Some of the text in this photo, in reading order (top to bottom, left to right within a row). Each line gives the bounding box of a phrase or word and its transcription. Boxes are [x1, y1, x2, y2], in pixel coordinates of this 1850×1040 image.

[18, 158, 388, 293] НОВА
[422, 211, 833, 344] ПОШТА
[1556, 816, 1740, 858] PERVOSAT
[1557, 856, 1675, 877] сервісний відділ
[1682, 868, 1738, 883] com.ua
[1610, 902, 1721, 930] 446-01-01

Task
Produce the whole listing once more, exactly.

Output of the exercise
Some of the text in this photo, in reading order (top to bottom, left to right within a row). Each line gives the bounding box of a phrase or word and its transcription. Boxes are [x1, y1, x2, y2], in pixel coordinates of this 1850×1040 image.

[18, 158, 388, 293] НОВА
[422, 211, 833, 344] ПОШТА
[1556, 816, 1740, 858] PERVOSAT
[1557, 856, 1675, 877] сервісний відділ
[1682, 868, 1738, 883] com.ua
[1610, 902, 1721, 930] 446-01-01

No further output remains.